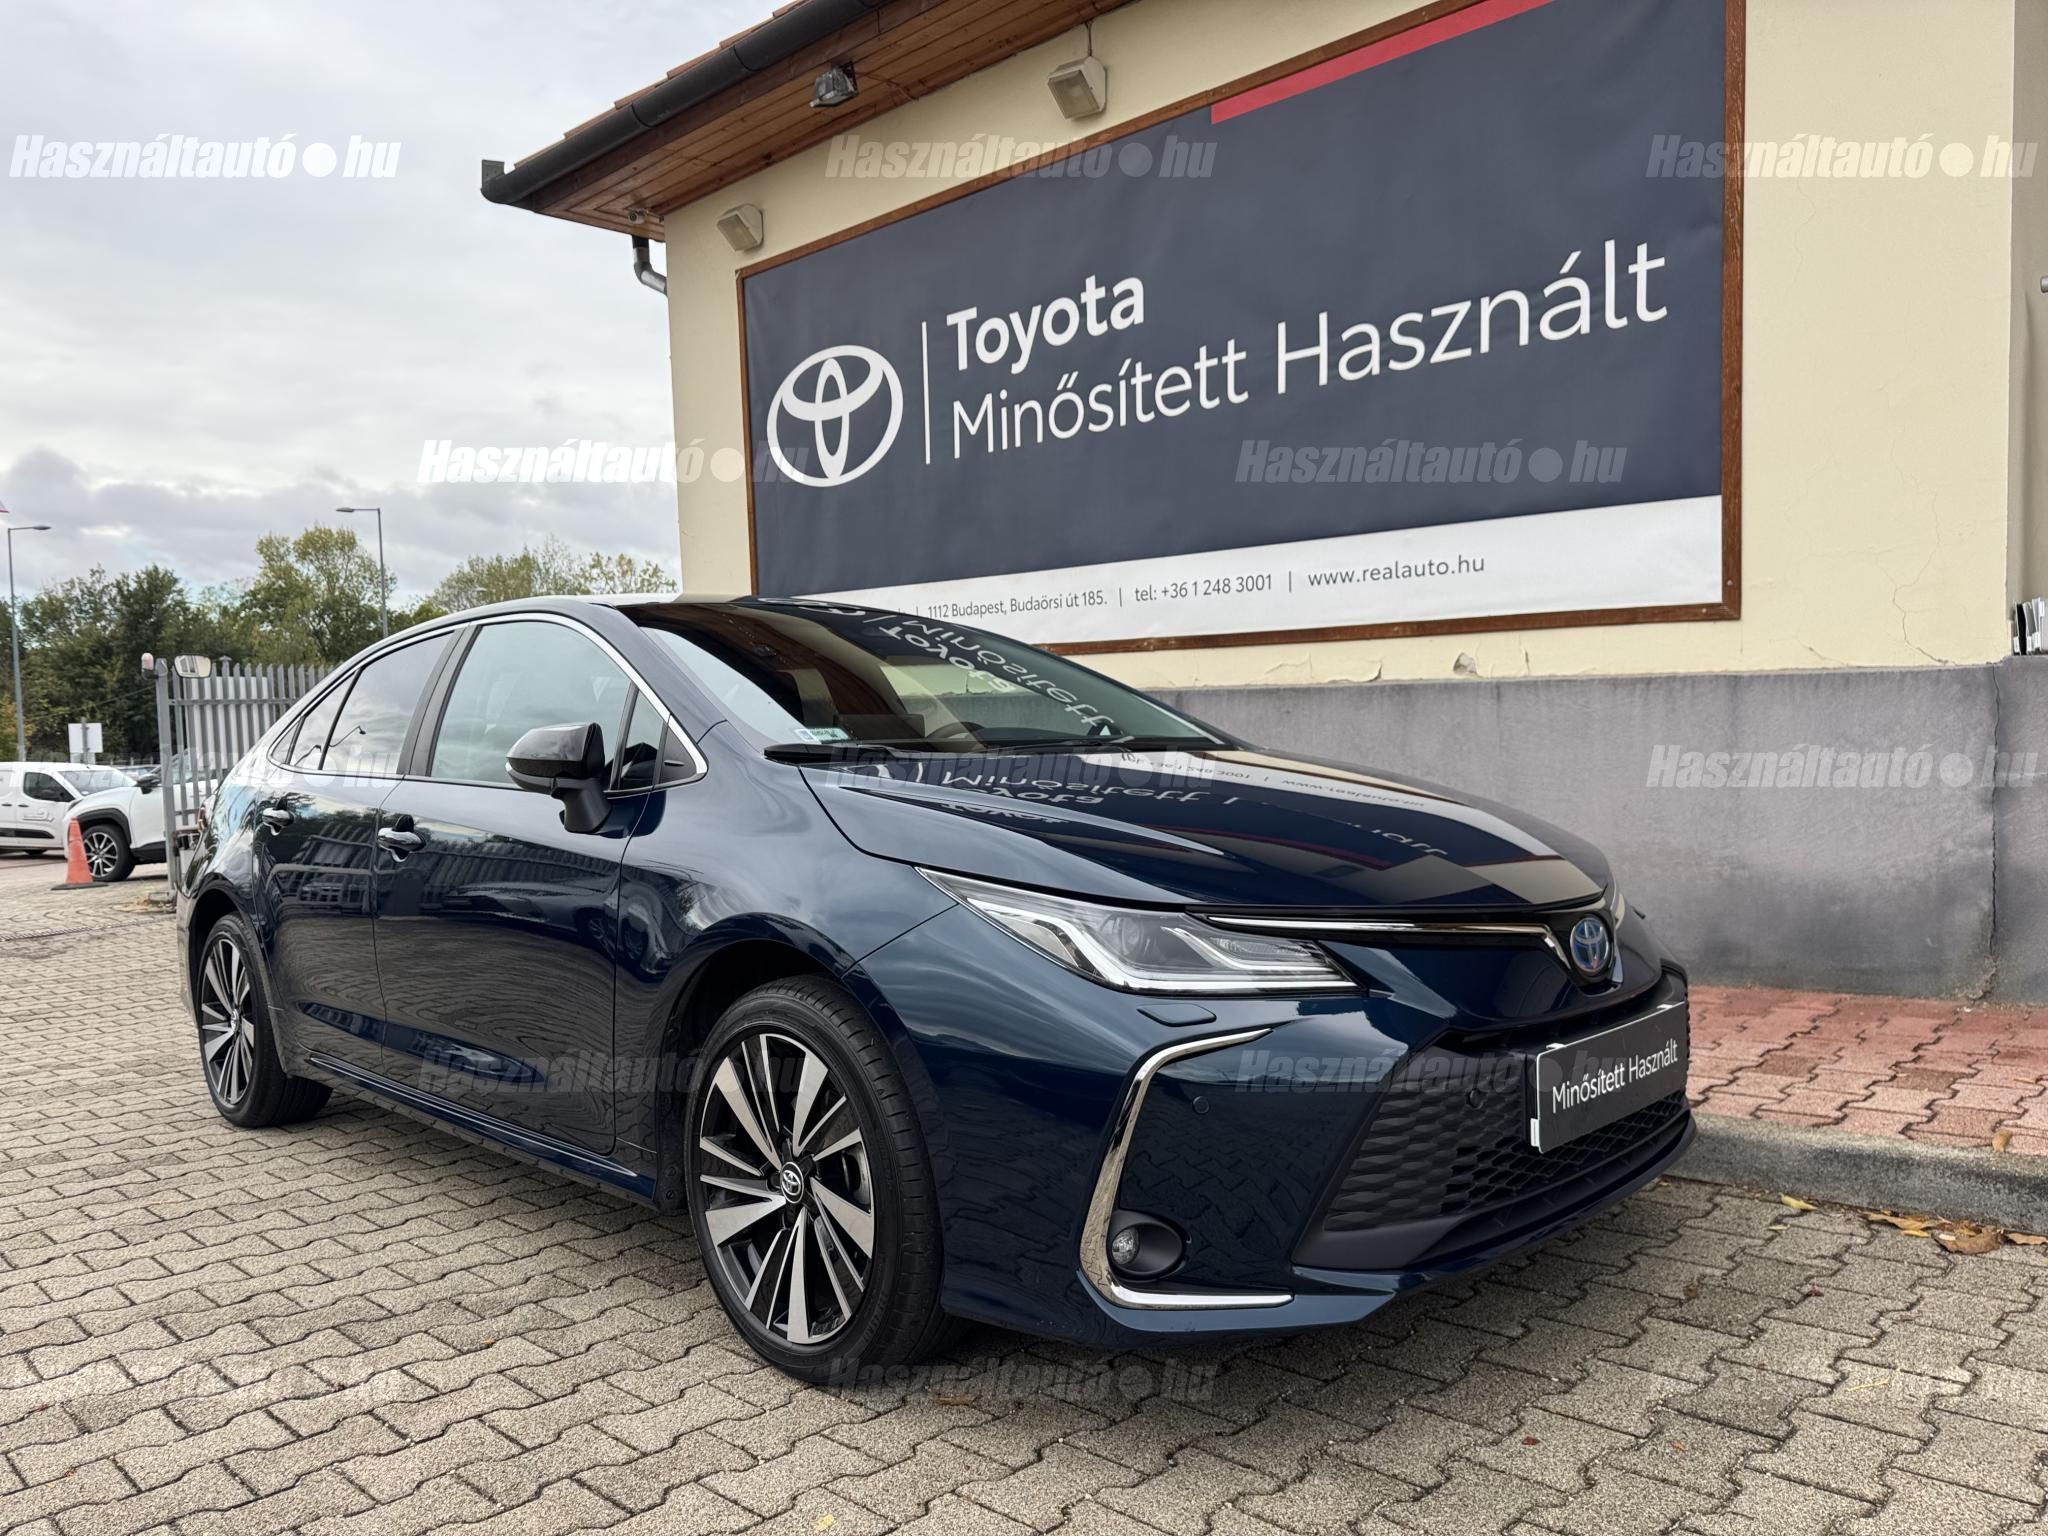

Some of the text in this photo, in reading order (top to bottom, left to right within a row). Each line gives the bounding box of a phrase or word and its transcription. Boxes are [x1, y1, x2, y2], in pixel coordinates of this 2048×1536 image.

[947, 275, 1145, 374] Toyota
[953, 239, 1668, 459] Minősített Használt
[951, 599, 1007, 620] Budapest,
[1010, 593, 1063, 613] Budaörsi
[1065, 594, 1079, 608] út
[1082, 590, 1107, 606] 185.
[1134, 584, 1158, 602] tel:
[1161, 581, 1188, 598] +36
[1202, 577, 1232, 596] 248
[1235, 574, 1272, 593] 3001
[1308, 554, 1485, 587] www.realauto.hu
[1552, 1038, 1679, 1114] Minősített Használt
# # # #
◆ Goal of the exercise ◆
Reproduce each line above exactly, but not a single picture.

◆ Response area ◆
Some of the text in this photo, in reading order (top to bottom, left to right within a row). Each line gives the bounding box of a phrase or word and its transcription. Boxes are [x1, y1, x2, y2], in pixel coordinates of this 2048×1536 image.

[947, 275, 1145, 374] Toyota
[953, 239, 1668, 459] Minősített Használt
[951, 599, 1007, 620] Budapest,
[1010, 593, 1063, 613] Budaörsi
[1065, 594, 1079, 608] út
[1082, 590, 1107, 606] 185.
[1134, 584, 1158, 602] tel:
[1161, 581, 1188, 598] +36
[1202, 577, 1232, 596] 248
[1235, 574, 1272, 593] 3001
[1308, 554, 1485, 587] www.realauto.hu
[1552, 1038, 1679, 1114] Minősített Használt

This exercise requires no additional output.